Each entry below is to be copied verbatim.

#### Data for the task ####

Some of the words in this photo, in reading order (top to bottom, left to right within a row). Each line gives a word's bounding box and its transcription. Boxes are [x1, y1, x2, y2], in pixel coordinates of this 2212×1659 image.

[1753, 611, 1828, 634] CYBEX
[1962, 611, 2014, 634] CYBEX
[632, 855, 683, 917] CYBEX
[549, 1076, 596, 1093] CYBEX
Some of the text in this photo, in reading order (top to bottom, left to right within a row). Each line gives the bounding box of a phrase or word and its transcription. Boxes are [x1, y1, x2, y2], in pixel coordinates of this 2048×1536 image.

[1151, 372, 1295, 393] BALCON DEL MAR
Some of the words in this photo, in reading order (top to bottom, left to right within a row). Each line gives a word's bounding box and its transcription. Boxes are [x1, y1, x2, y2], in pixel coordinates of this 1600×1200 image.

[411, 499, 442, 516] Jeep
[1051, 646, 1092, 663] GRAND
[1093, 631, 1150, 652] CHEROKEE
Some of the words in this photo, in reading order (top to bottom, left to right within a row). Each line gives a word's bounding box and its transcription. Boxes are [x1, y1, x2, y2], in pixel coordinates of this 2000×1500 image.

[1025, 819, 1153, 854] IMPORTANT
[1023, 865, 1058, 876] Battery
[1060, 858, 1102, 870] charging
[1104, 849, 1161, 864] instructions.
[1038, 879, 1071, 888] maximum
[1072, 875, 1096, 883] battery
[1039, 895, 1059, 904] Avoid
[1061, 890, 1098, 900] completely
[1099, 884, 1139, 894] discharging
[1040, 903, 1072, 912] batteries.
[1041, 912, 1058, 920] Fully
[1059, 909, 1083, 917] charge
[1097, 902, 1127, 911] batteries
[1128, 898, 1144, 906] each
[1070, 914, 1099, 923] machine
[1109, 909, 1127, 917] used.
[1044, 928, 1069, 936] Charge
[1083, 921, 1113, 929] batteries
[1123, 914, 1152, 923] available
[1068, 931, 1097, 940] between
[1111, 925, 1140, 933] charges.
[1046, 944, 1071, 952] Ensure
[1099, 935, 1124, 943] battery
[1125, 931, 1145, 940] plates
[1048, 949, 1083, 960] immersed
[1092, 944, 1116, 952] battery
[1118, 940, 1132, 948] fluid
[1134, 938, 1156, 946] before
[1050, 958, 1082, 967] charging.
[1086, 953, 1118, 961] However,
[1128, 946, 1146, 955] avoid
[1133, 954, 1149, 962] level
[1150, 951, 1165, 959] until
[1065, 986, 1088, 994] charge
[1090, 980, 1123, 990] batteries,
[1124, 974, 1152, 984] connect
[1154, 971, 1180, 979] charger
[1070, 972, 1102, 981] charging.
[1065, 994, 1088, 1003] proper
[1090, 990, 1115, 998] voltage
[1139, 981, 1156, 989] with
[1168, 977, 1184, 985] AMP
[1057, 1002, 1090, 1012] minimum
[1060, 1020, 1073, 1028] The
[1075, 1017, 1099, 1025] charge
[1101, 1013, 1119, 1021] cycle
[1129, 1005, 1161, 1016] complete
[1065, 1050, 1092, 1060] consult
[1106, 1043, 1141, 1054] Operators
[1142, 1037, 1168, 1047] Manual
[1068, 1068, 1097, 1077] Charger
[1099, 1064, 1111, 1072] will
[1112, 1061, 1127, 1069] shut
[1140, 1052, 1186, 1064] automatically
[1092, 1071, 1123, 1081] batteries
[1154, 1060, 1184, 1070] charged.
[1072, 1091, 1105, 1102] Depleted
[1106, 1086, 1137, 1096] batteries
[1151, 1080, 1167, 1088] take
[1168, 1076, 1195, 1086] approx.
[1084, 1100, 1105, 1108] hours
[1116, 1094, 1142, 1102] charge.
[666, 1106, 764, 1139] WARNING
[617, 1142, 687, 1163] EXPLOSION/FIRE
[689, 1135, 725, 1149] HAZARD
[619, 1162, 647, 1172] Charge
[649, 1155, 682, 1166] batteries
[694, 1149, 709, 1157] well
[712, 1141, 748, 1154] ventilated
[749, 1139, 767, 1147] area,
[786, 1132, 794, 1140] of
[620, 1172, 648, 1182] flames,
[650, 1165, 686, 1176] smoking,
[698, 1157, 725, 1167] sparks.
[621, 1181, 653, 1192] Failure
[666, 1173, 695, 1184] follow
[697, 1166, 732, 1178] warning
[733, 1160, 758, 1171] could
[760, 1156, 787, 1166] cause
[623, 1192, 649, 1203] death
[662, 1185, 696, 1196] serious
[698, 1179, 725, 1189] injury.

####

## [Completed task]
Some of the words in this photo, in reading order (top to bottom, left to right within a row). Each line gives a word's bounding box and its transcription. Boxes are [x1, y1, x2, y2], in pixel coordinates of this 2212×1659 image.

[1753, 611, 1828, 634] CYBEX
[1962, 611, 2014, 634] CYBEX
[632, 855, 683, 917] CYBEX
[549, 1076, 596, 1093] CYBEX
Some of the text in this photo, in reading order (top to bottom, left to right within a row). Each line gives the bounding box of a phrase or word and its transcription. Boxes are [x1, y1, x2, y2], in pixel coordinates of this 2048×1536 image.

[1151, 372, 1295, 393] BALCON DEL MAR
Some of the words in this photo, in reading order (top to bottom, left to right within a row). Each line gives a word's bounding box and its transcription. Boxes are [x1, y1, x2, y2], in pixel coordinates of this 1600×1200 image.

[411, 499, 442, 516] Jeep
[1051, 646, 1092, 663] GRAND
[1093, 631, 1150, 652] CHEROKEE
Some of the words in this photo, in reading order (top to bottom, left to right within a row). Each line gives a word's bounding box and its transcription. Boxes are [x1, y1, x2, y2], in pixel coordinates of this 2000×1500 image.

[1025, 819, 1153, 854] IMPORTANT
[1023, 865, 1058, 876] Battery
[1060, 858, 1102, 870] charging
[1104, 849, 1161, 864] instructions.
[1038, 879, 1071, 888] maximum
[1072, 875, 1096, 883] battery
[1039, 895, 1059, 904] Avoid
[1061, 890, 1098, 900] completely
[1099, 884, 1139, 894] discharging
[1040, 903, 1072, 912] batteries.
[1041, 912, 1058, 920] Fully
[1059, 909, 1083, 917] charge
[1097, 902, 1127, 911] batteries
[1128, 898, 1144, 906] each
[1070, 914, 1099, 923] machine
[1109, 909, 1127, 917] used.
[1044, 928, 1069, 936] Charge
[1083, 921, 1113, 929] batteries
[1123, 914, 1152, 923] available
[1068, 931, 1097, 940] between
[1111, 925, 1140, 933] charges.
[1046, 944, 1071, 952] Ensure
[1099, 935, 1124, 943] battery
[1125, 931, 1145, 940] plates
[1048, 949, 1083, 960] immersed
[1092, 944, 1116, 952] battery
[1118, 940, 1132, 948] fluid
[1134, 938, 1156, 946] before
[1050, 958, 1082, 967] charging.
[1086, 953, 1118, 961] However,
[1128, 946, 1146, 955] avoid
[1133, 954, 1149, 962] level
[1150, 951, 1165, 959] until
[1065, 986, 1088, 994] charge
[1090, 980, 1123, 990] batteries,
[1124, 974, 1152, 984] connect
[1154, 971, 1180, 979] charger
[1070, 972, 1102, 981] charging.
[1065, 994, 1088, 1003] proper
[1090, 990, 1115, 998] voltage
[1139, 981, 1156, 989] with
[1168, 977, 1184, 985] AMP
[1057, 1002, 1090, 1012] minimum
[1060, 1020, 1073, 1028] The
[1075, 1017, 1099, 1025] charge
[1101, 1013, 1119, 1021] cycle
[1129, 1005, 1161, 1016] complete
[1065, 1050, 1092, 1060] consult
[1106, 1043, 1141, 1054] Operators
[1142, 1037, 1168, 1047] Manual
[1068, 1068, 1097, 1077] Charger
[1099, 1064, 1111, 1072] will
[1112, 1061, 1127, 1069] shut
[1140, 1052, 1186, 1064] automatically
[1092, 1071, 1123, 1081] batteries
[1154, 1060, 1184, 1070] charged.
[1072, 1091, 1105, 1102] Depleted
[1106, 1086, 1137, 1096] batteries
[1151, 1080, 1167, 1088] take
[1168, 1076, 1195, 1086] approx.
[1084, 1100, 1105, 1108] hours
[1116, 1094, 1142, 1102] charge.
[666, 1106, 764, 1139] WARNING
[617, 1142, 687, 1163] EXPLOSION/FIRE
[689, 1135, 725, 1149] HAZARD
[619, 1162, 647, 1172] Charge
[649, 1155, 682, 1166] batteries
[694, 1149, 709, 1157] well
[712, 1141, 748, 1154] ventilated
[749, 1139, 767, 1147] area,
[786, 1132, 794, 1140] of
[620, 1172, 648, 1182] flames,
[650, 1165, 686, 1176] smoking,
[698, 1157, 725, 1167] sparks.
[621, 1181, 653, 1192] Failure
[666, 1173, 695, 1184] follow
[697, 1166, 732, 1178] warning
[733, 1160, 758, 1171] could
[760, 1156, 787, 1166] cause
[623, 1192, 649, 1203] death
[662, 1185, 696, 1196] serious
[698, 1179, 725, 1189] injury.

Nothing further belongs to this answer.